Would you please reproduce all the entries exactly, leaving the pictures out?

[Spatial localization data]
****************

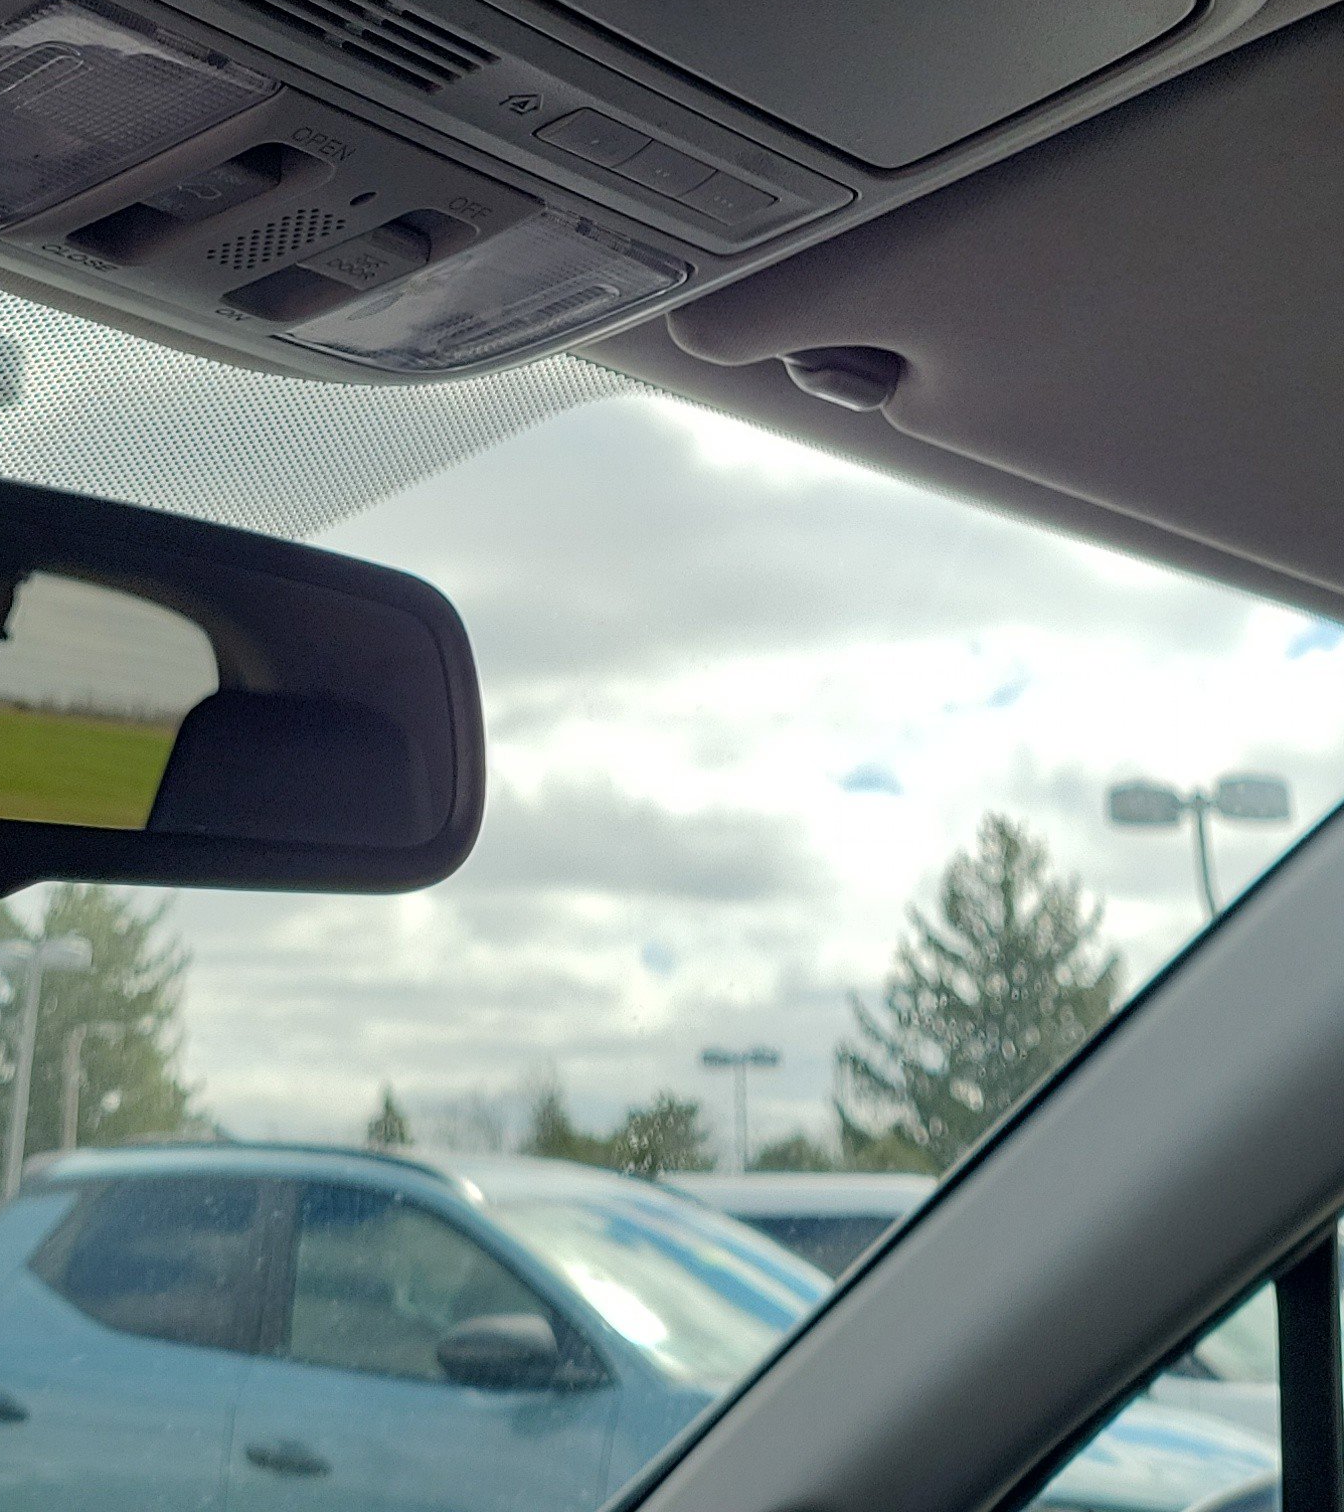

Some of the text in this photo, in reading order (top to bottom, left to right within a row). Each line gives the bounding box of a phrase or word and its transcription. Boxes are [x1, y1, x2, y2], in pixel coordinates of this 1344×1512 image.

[291, 126, 355, 162] OPEN
[448, 196, 493, 220] OFF
[41, 243, 121, 274] CLOSE
[215, 307, 252, 322] ON

****************

- [FINAL ANSWER]
Some of the text in this photo, in reading order (top to bottom, left to right within a row). Each line gives the bounding box of a phrase or word and its transcription. Boxes are [x1, y1, x2, y2], in pixel coordinates of this 1344×1512 image.

[291, 126, 355, 162] OPEN
[448, 196, 493, 220] OFF
[41, 243, 121, 274] CLOSE
[215, 307, 252, 322] ON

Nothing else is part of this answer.